Other Revenue Agreements
Pursuant to a power guarantee agreement, Brookfield purchased all energy from the two facilities of Hydro Pontiac
Inc. at a price of C$68 per MWh, increased annually each calendar year beginning in 2010 by an amount equal to
40% of the increase in the CPI during the previous calendar year. This power guarantee agreement was scheduled to
commence in 2019 for one facility and in 2020 for the other, upon the expiration of existing third-party power
agreements. The agreement with Brookfield had an initial term to 2029 and automatically renewed for a successive
20-year period with certain termination provisions. On closing of the Energy Marketing Internalization, the power
guarantee agreement with Hydro Pontiac Inc. was transferred to Brookfield Renewable.
Voting Agreements
Brookfield Renewable entered into voting agreements with Brookfield whereby Brookfield, as managing member of
entities related to the Brookfield Americas Infrastructure Fund (the “BAIF Entities”) in which Brookfield
Renewable holds investments in power generating operations with institutional partners, agreed to assign to
Brookfield Renewable their voting rights to elect the Boards of Directors of the BAIF Entities. Brookfield
Renewable’s economic interests in the BAIF Entities in the United States and Brazil are 22% and 25%, respectively.

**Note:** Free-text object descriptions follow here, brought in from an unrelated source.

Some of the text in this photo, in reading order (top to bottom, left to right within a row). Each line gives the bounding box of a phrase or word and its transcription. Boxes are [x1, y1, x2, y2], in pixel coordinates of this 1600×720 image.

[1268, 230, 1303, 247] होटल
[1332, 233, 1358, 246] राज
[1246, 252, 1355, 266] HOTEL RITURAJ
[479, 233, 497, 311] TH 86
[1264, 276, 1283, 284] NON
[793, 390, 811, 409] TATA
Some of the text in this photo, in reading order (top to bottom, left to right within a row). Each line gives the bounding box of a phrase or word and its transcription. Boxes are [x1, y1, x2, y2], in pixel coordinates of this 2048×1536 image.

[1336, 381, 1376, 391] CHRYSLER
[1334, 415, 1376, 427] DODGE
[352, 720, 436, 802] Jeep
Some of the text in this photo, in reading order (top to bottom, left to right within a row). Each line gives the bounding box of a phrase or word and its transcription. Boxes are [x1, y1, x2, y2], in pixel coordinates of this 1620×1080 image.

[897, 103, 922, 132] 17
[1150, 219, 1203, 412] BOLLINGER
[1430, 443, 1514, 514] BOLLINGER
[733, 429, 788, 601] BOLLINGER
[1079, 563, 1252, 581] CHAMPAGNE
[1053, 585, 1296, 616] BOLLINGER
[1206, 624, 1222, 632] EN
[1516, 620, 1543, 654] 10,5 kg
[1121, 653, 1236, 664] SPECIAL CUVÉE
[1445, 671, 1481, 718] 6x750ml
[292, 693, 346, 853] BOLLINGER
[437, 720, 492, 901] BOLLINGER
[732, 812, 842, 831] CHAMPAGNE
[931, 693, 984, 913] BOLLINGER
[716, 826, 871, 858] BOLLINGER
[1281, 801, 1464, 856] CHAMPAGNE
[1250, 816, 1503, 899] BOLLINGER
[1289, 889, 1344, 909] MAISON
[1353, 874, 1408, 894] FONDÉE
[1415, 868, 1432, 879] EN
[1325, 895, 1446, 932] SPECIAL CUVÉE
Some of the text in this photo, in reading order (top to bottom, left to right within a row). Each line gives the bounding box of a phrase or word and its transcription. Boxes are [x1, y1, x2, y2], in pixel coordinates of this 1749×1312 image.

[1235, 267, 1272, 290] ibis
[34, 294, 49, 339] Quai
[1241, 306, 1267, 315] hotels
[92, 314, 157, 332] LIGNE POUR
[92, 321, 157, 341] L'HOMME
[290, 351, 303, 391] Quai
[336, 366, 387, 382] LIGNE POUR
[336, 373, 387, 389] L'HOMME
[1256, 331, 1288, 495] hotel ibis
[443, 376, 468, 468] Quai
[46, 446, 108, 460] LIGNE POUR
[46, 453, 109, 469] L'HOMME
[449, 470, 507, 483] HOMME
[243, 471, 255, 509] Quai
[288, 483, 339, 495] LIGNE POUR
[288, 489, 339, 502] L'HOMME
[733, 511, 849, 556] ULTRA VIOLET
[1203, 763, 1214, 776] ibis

Brookfield Renewable entered into voting agreements with certain Brookfield subsidiaries whereby these
subsidiaries, as managing members of entities related to Brookfield Infrastructure Fund II (the “BIF II Entities”) in
which Brookfield Renewable holds investments in power generating operations with institutional partners, agreed to
provide to Brookfield Renewable the authority to direct the election of the Boards of Directors of the BIF II
Entities. Brookfield Renewable’s economic interests in the BIF II Entities are between 40% and 50.1%.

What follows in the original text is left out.